Segment Start: GIVEN DATA

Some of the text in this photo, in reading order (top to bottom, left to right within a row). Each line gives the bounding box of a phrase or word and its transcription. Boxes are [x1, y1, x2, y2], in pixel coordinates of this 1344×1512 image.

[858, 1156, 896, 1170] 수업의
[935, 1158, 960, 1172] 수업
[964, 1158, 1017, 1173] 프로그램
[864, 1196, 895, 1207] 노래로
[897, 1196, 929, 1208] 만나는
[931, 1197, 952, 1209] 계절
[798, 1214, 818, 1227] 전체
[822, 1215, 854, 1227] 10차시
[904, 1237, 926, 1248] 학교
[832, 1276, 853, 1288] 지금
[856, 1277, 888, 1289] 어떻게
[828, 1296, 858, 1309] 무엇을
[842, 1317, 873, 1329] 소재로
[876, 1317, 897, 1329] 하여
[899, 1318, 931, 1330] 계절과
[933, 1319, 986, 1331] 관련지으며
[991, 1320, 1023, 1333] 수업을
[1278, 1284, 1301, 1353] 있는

Segment End: GIVEN DATA

## PROBLEM:
Give the complete material back, word for word.

## PROBLEM SOLUTION:
Some of the text in this photo, in reading order (top to bottom, left to right within a row). Each line gives the bounding box of a phrase or word and its transcription. Boxes are [x1, y1, x2, y2], in pixel coordinates of this 1344×1512 image.

[858, 1156, 896, 1170] 수업의
[935, 1158, 960, 1172] 수업
[964, 1158, 1017, 1173] 프로그램
[864, 1196, 895, 1207] 노래로
[897, 1196, 929, 1208] 만나는
[931, 1197, 952, 1209] 계절
[798, 1214, 818, 1227] 전체
[822, 1215, 854, 1227] 10차시
[904, 1237, 926, 1248] 학교
[832, 1276, 853, 1288] 지금
[856, 1277, 888, 1289] 어떻게
[828, 1296, 858, 1309] 무엇을
[842, 1317, 873, 1329] 소재로
[876, 1317, 897, 1329] 하여
[899, 1318, 931, 1330] 계절과
[933, 1319, 986, 1331] 관련지으며
[991, 1320, 1023, 1333] 수업을
[1278, 1284, 1301, 1353] 있는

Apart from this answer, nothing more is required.